YOUR OBJECTIVE ::
What is needed is an exact copy of the entries below, with every picture left out.

===== PROVIDED MATERIAL

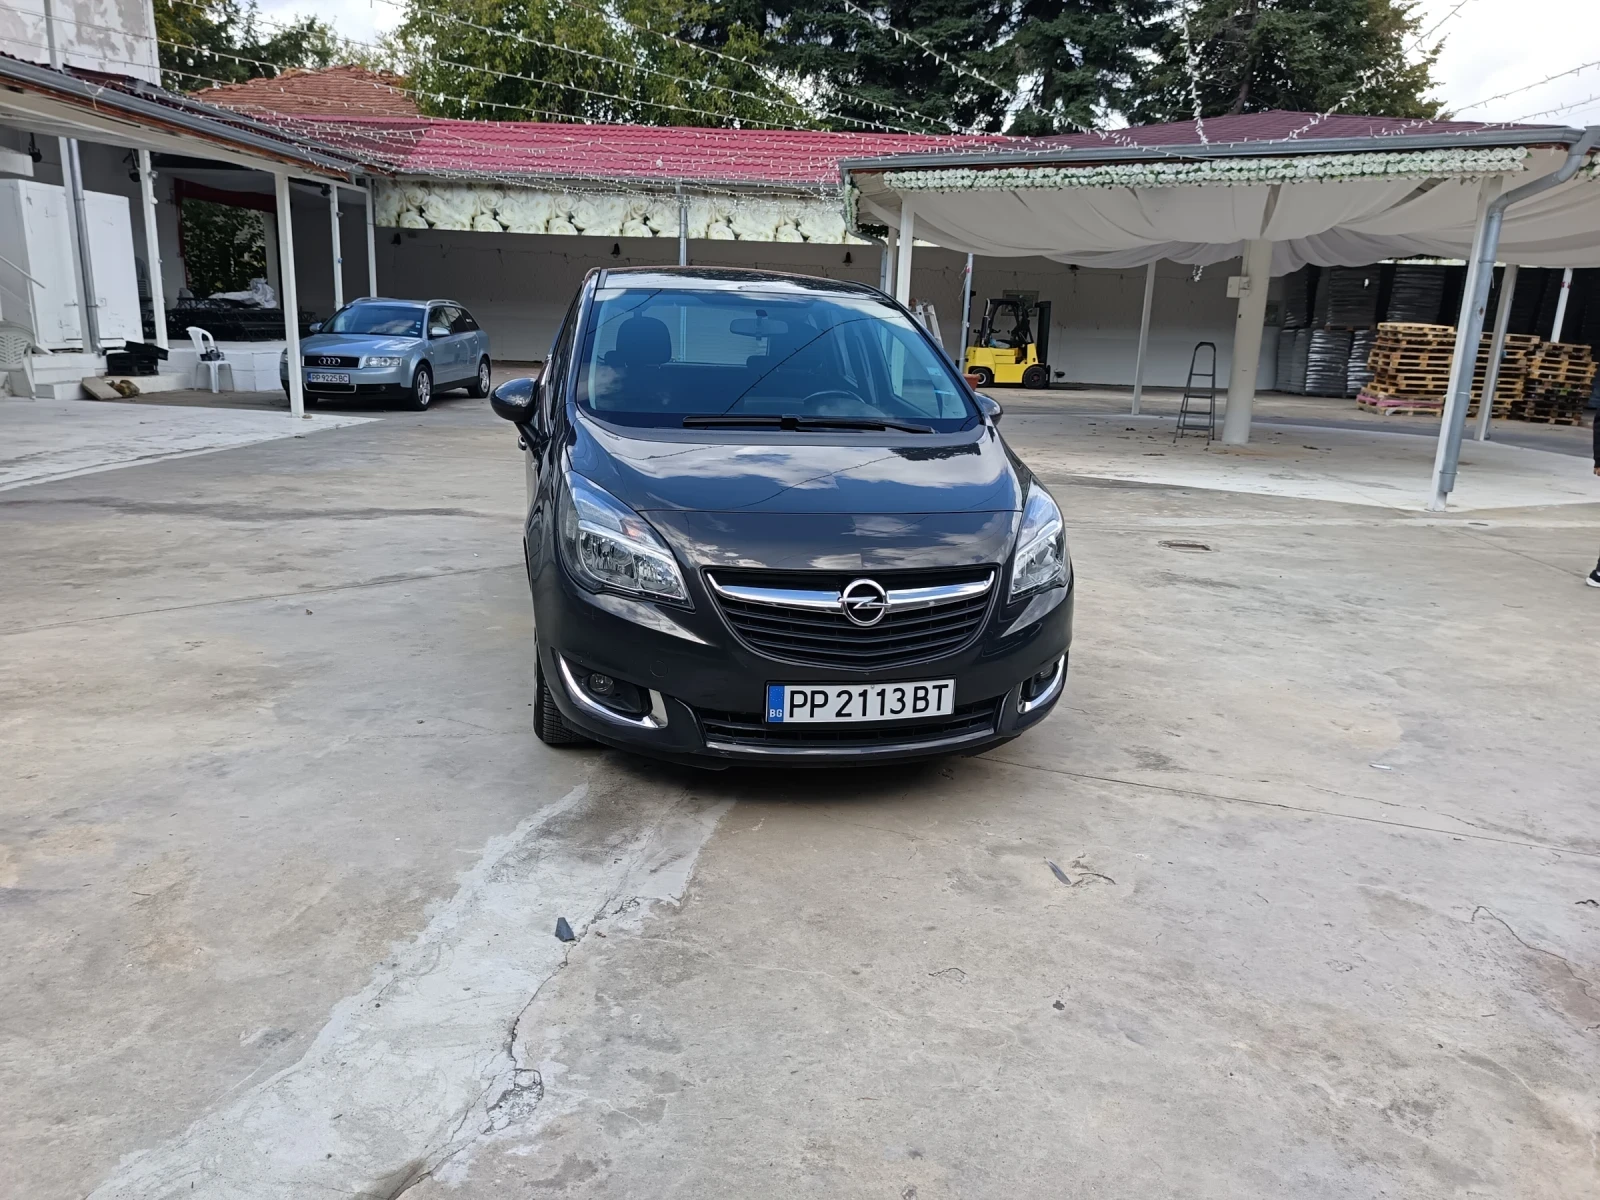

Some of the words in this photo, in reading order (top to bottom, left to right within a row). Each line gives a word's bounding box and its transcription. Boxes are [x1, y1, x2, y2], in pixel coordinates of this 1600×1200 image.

[322, 374, 338, 382] 9225
[789, 690, 829, 718] PP
[835, 687, 906, 718] 2113
[912, 684, 949, 713] BT
[769, 709, 783, 718] BG

==========

ANSWER SECTION ::
Some of the words in this photo, in reading order (top to bottom, left to right within a row). Each line gives a word's bounding box and its transcription. Boxes are [x1, y1, x2, y2], in pixel coordinates of this 1600×1200 image.

[322, 374, 338, 382] 9225
[789, 690, 829, 718] PP
[835, 687, 906, 718] 2113
[912, 684, 949, 713] BT
[769, 709, 783, 718] BG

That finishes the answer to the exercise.